Integrate Antlr4 to C++ Projects for Javascript with CMake on Linux

Here are the requires steps to make existing CMake-based C++ projects to compile with antlr4 for Javascript on Linux.

1. Generate the JavaScriptLexer.{h|cpp} and JavaScriptParser.{h|cpp}

These files will be added to your project to parse JavaScript.

  1. Download the ANTLR4 Java binary: Visit ANTLR’s download page and download the latest .jar file. Example: antlr-4.13.2-complete.jar.

  2. Get the grammar files: Download JavaScriptLexer.g4 and JavaScriptParser.g4 from the official ANTLR grammars repo.

  3. Modify the grammar files according to the instructions are https://github.com/antlr/grammars-v4/tree/master/javascript/javascript/Cpp#c-port.
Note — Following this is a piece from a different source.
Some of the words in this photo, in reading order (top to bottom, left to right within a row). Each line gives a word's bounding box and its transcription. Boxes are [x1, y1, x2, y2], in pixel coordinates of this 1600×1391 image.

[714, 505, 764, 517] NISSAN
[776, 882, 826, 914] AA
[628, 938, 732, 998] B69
This is needed because the grammar files are generic to all target languages, we need some tweaks for C++.

  4. Run the ANTLR tool: Use the following command to generate C++ source files from the grammar files. Ensure java is installed on your machine.

    java -jar antlr-4.13.2-complete.jar -Dlanguage=Cpp JavaScriptLexer.g4 JavaScriptParser.g4
    
  5. Add generated files to your project: Move the generated files into your project’s source directory. Your project structure should look like this:

     <root directory for the project>
         |-CMakeLists.txt
         |-src
            |-main.cpp
            |-antlr4
               |-JavaScriptLexer.h
               |-JavaScriptLexer.cpp
               |-JavaScriptParser.h
               |-JavaScriptParser.cpp
               |-...
    

2. Clone https://github.com/antlr/grammars-v4.git into your project

This is needed because grammars-v4 contains the Base classes that are required for the lexer and parser.
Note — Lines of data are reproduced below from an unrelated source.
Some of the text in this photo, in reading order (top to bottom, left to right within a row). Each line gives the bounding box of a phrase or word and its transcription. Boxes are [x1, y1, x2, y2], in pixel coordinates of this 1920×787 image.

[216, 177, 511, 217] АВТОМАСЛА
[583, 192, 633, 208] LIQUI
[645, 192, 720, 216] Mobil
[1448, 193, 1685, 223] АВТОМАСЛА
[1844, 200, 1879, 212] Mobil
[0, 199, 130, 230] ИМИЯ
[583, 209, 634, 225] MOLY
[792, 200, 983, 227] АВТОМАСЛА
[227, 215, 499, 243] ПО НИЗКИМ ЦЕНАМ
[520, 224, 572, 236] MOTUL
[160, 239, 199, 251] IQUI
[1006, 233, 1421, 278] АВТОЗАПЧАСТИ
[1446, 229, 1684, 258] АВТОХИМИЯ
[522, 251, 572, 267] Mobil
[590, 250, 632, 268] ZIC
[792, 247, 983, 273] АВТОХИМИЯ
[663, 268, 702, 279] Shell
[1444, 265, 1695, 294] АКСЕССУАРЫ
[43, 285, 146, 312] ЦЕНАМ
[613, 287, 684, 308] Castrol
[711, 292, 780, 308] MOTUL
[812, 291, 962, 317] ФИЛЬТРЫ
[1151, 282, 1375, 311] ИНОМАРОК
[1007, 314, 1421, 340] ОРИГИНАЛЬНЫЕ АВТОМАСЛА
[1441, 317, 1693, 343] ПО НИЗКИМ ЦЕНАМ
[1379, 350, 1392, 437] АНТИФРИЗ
git submodule add https://github.com/antlr/grammars-v4.git third_party/grammars-v4

3. Clone https://github.com/antlr/antlr4.git

This is needed because in order to run anltr’s lexer and parser, they require a runtime, which can be compiled to a static/dynamic library

git submodule add https://github.com/antlr/antlr4.git third_party/antlr4

4. Modify the CMakeLists.txt

Now, we have the setup done, we just need to link them together.

Assume the project structure now looks like

<root directory for the project>
    |-CMakeLists.txt
    |-third_party
       |-antlr4
       |-grammars-v4
    |-src
       |-main.cpp
       |-antlr4
          |-JavaScriptLexer.h
          |-JavaScriptLexer.cpp
          |-JavaScriptParser.h
          |-JavaScriptParser.cpp
          |-...

Let’s modify the CMakeLists file.

  1. Add add_subdirectory(third_party/antlr4/runtime/Cpp) This line tells CMake to also run the CMakeLists.txt inside this subdirectory, which effectively means compile the runtime.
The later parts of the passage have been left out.